According to the types of energy that act on organisms under the conditions of their existence, phototropisms, chemotropisms, heliotropisms, galvanotropisms, etc. are distinguished. For example, a sunflower moves under the influence of photo and thermotropisms; in the direction of germination of roots and stems, in the behavior of worms and some insects that burrow into the ground or crawl to the tops of plants, geo-, photo- or thermo-tropisms act.

There are the following main stages in the development of the psyche of animals:

    Elementary sensory psyche;

    Perceptual psyche;

    Intelligence.

Stage of elementary sensory psyche

A characteristic feature of this stage in the development of the psyche is that the behavior of animals is determined by the action on the body of individual properties of objects in the environment of which animals live - chemical, light, temperature, etc.

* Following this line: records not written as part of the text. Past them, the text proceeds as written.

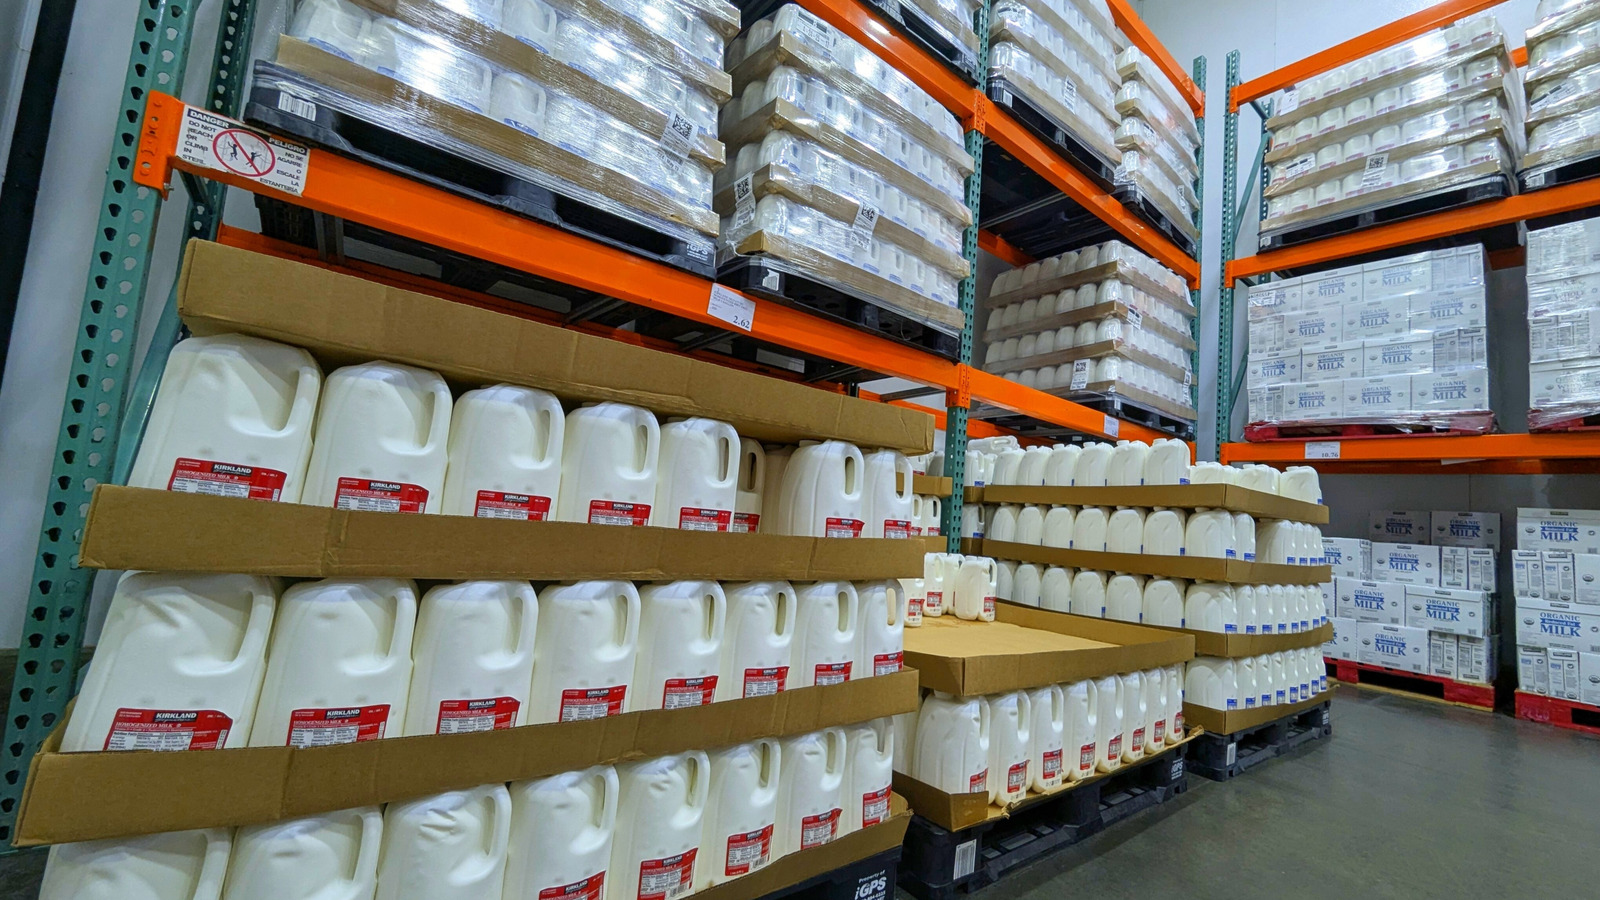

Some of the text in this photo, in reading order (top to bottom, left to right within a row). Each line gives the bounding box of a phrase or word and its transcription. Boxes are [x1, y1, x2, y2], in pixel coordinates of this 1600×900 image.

[190, 110, 230, 129] DANGER
[188, 120, 217, 133] DO NOT
[186, 134, 198, 142] OR
[187, 127, 213, 139] REACH
[184, 140, 209, 152] CLIMB
[268, 137, 307, 154] PELIGRO
[277, 156, 303, 168] AGARRE
[285, 151, 304, 162] NO SE
[276, 169, 301, 181] ESCALE
[1382, 275, 1412, 287] MILK
[1318, 286, 1345, 298] MILK
[1430, 308, 1464, 319] MILK
[733, 315, 750, 329] 2.62
[1360, 317, 1390, 328] MILK
[1299, 326, 1326, 337] MILK
[1382, 354, 1413, 365] MILK
[1317, 361, 1345, 371] MILK
[1261, 368, 1286, 378] MILK
[1361, 395, 1392, 405] MILK
[1432, 391, 1467, 401] MILK
[1298, 399, 1325, 409] MILK
[214, 463, 252, 474] KIRKLAND
[370, 482, 401, 490] KIRKLAND
[1385, 527, 1413, 535] MILK
[1449, 529, 1480, 537] MILK
[1540, 531, 1578, 541] MILK
[1324, 556, 1342, 565] ILK
[1389, 562, 1419, 571] MILK
[1354, 589, 1384, 597] ORGANIC
[1354, 600, 1385, 610] MILK
[1426, 599, 1460, 607] ORGANIC
[1426, 610, 1460, 621] MILK
[1540, 612, 1581, 621] ORGANIC
[1540, 624, 1581, 637] MILK
[1375, 633, 1405, 642] ORGANIC
[1375, 644, 1406, 656] MILK
[859, 873, 879, 884] Property
[566, 880, 588, 891] KIRKLAND
[854, 876, 887, 900] iGPS

This stage is characteristic mainly of invertebrates and those vertebrates that live in water, amphibians and reptiles that do not have objective perception. At this stage, there is a differentiation of sensitivity to light, touch, smells, motor sensitivity, as a result of which analyzers arise and develop - tangent, visual, smell and auditory.

The level of development of the analyzers and their receptor part depends on the characteristics of the living conditions of living beings. Yes, spiders and insects have well-developed tangential sensitivity (on tentacles, wings). Chemical sensitivity is developed in spiders and other invertebrates. It is differentiated in them into olfactory and gustatory sensitivity.

The beetle has 50,000 olfactory organs, while the drone has over 30,000. Insects are sensitive to very slight odors. The bee distinguishes the smell of orange peel from 43 ethereal odors. Bees react to the smell, do not accept other people's bees.

Insects are topochemical creatures, that is, those that have zones in the body that are sensitive to chemical irritations.

The sensitivity of insects to temperature changes, visual sensitivity is well known. Bees distinguish colors and shapes of flowers, but not geometric shapes. Most insects are deaf. Only those of them have hearing, which by their own movements (wings) cause sufficiently intense vibrations of sound waves.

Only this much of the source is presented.